Life Insurance Needs Calculator (Canada)
Estimate how much life insurance coverage your family may need to replace income, pay off debts, and fund future goals.
Inputs
Family & goals
Offsets (reduce needed coverage)
How to use
- Enter your annual income and choose income replacement years.
- Add debts (mortgage, loans) and final expenses.
- Optionally add education, childcare, and other goals.
- Subtract savings and existing life insurance.
- Click Calculate to see recommended coverage, breakdown, and charts.
Tip: If you have two incomes, you may run the calculator twice (for each earner) or estimate only the income that would be lost.
Life insurance coverage in Canada: a practical way to estimate what you need
Life insurance is meant to protect the people who depend on your income and support. A simple way to estimate coverage is to calculate total financial needs your family would face if you were gone, then subtract existing resources like savings and current insurance. This calculator follows that logic with inputs that are common for Canadian households: income replacement, outstanding debts, final expenses, and optional goals like education or childcare support.
The biggest component is usually income replacement. Many families choose a planning horizon of 10–20 years, especially while children are young or a mortgage is still large. Debts matter because they can force a family to downsize quickly if the remaining income cannot cover monthly payments. Final expenses are often overlooked, but even modest end-of-life costs can be meaningful.

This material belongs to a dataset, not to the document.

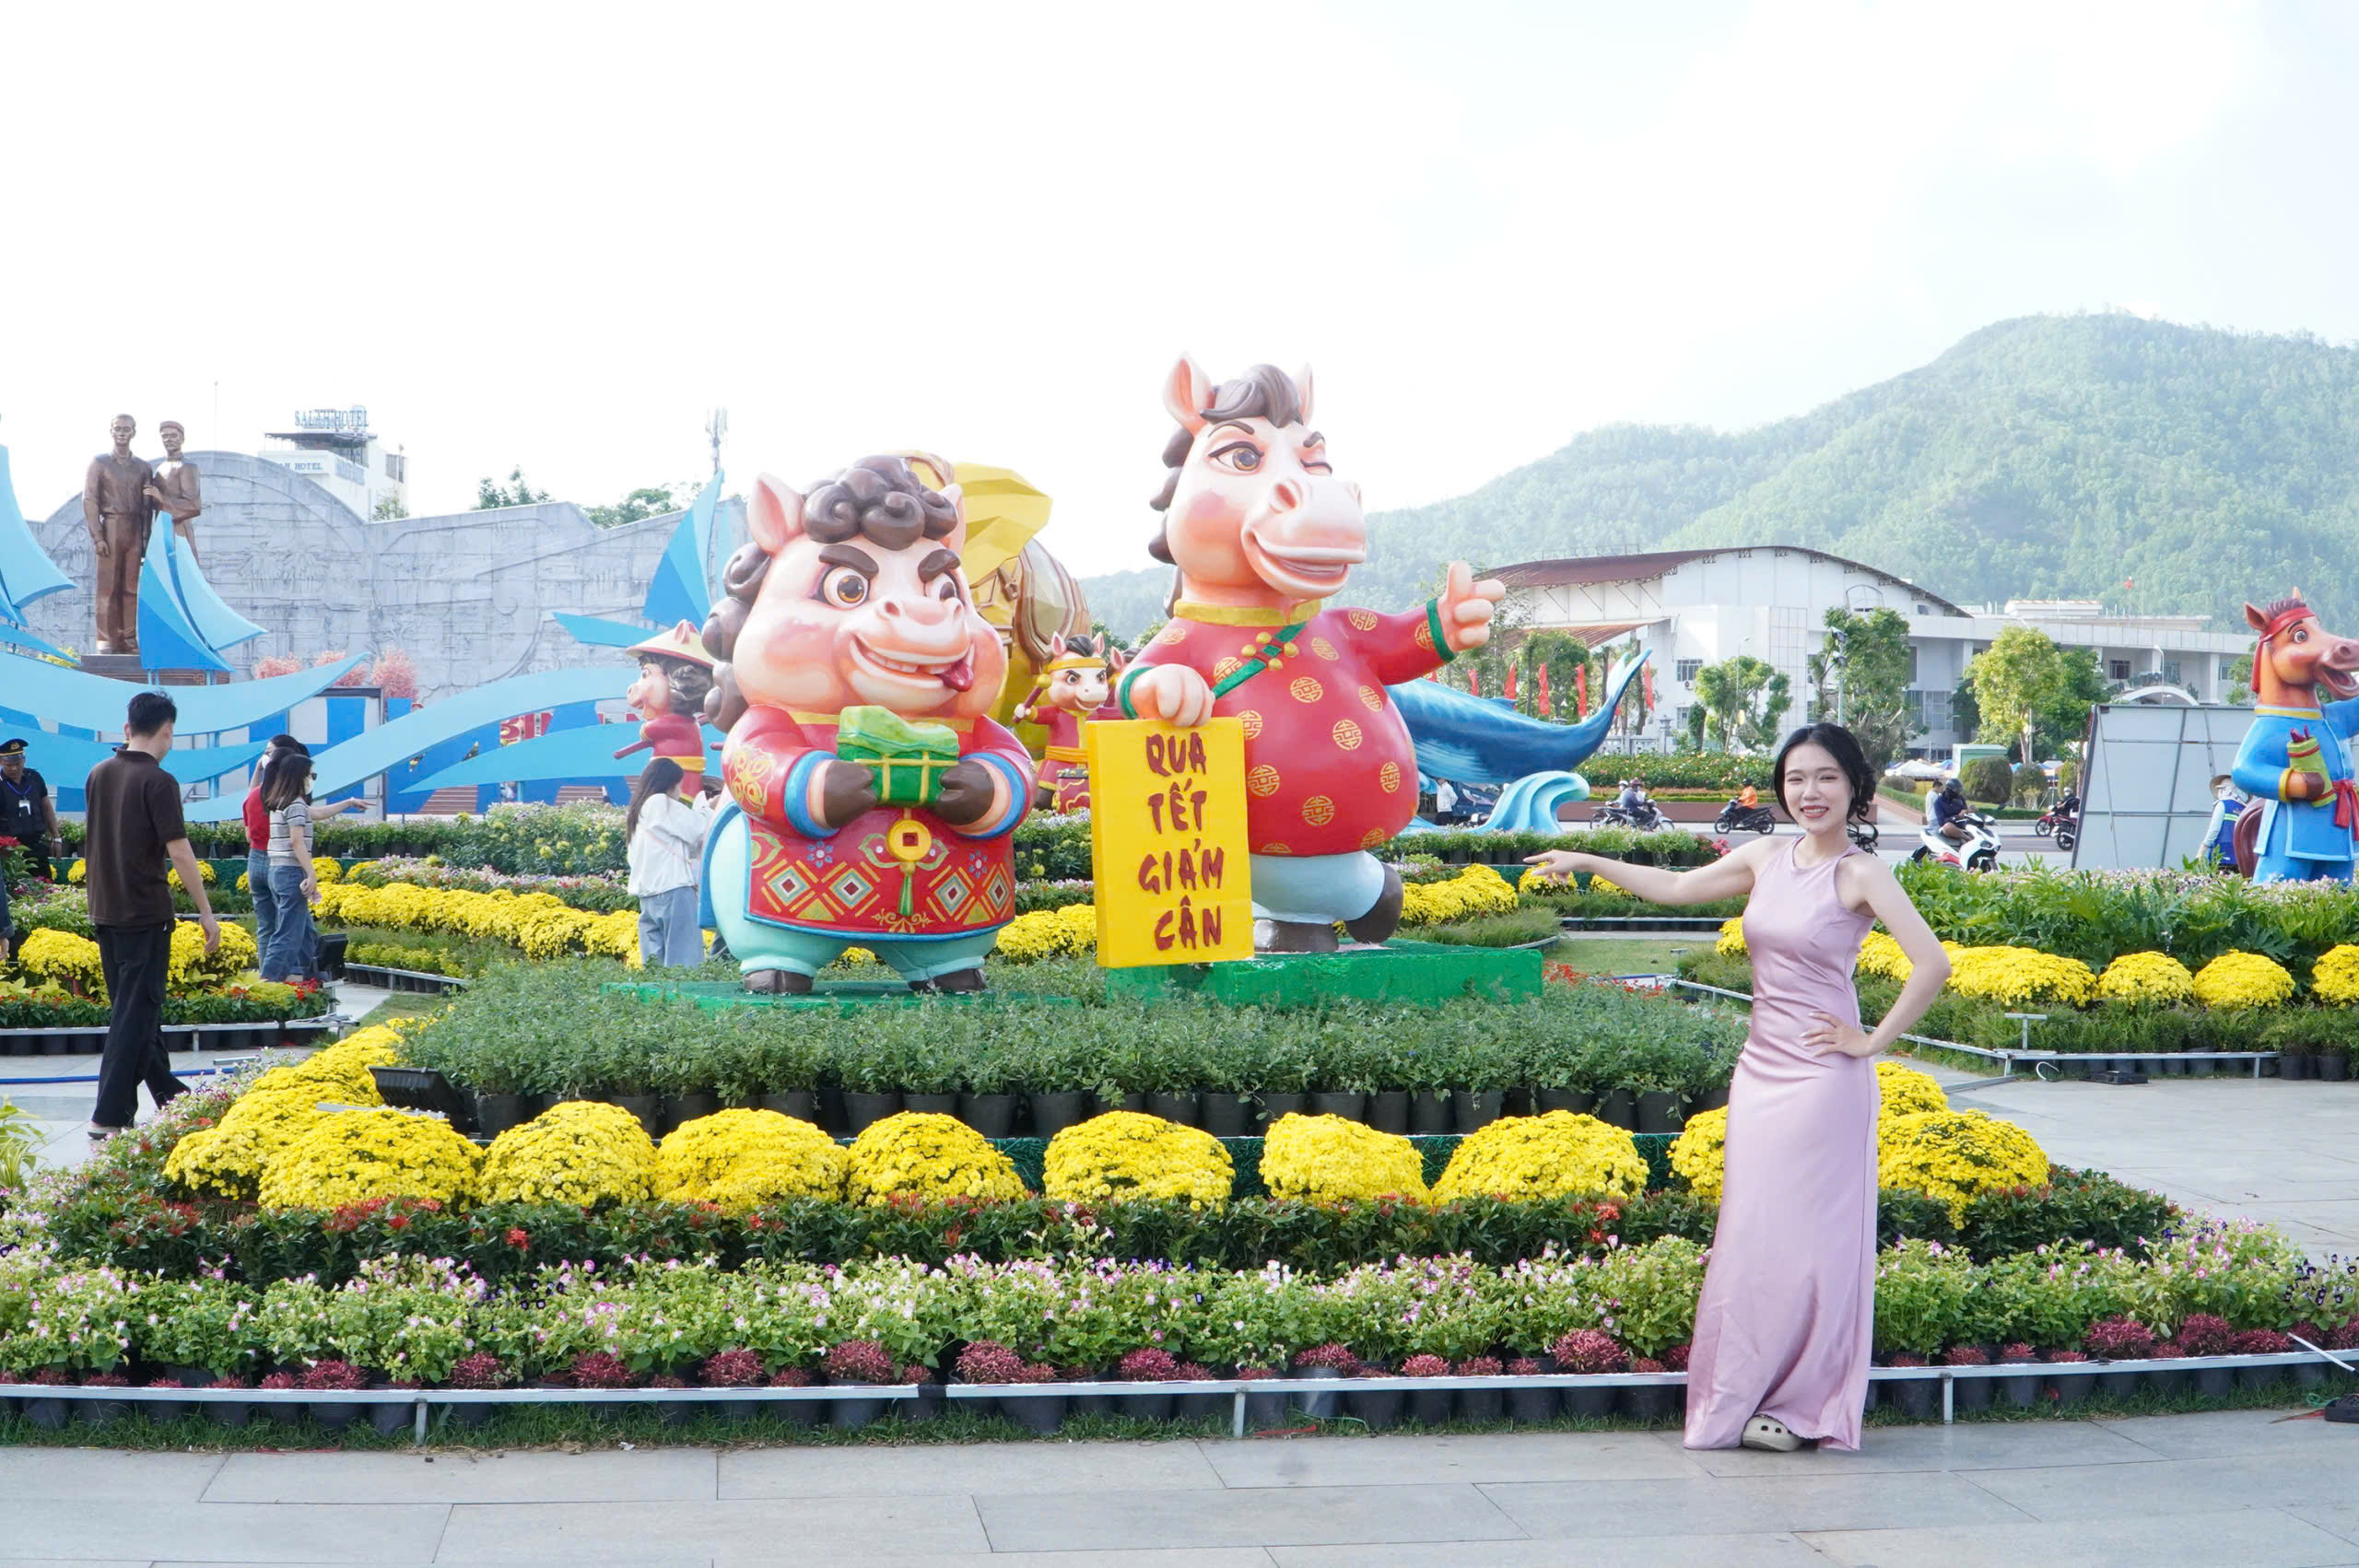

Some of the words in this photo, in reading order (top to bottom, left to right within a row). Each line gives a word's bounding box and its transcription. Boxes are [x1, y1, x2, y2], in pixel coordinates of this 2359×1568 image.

Education funding is optional, but it’s common to set a per-child target. In Canada, costs vary by province and program, so treat the number as a goal. Childcare or transition support can help cover time off work, paid care, or a buffer while the household reorganizes finances. Finally, don’t forget to subtract resources you already have — liquid savings and existing coverage (including employer plans, if stable).
Term life insurance is often used for family protection because it’s typically the most cost-effective for a large amount of coverage over a fixed period. Permanent insurance can also play a role in estate planning, but coverage decisions should be based on the protection need first. Because every household is different, consider this result a starting point for planning and discussion.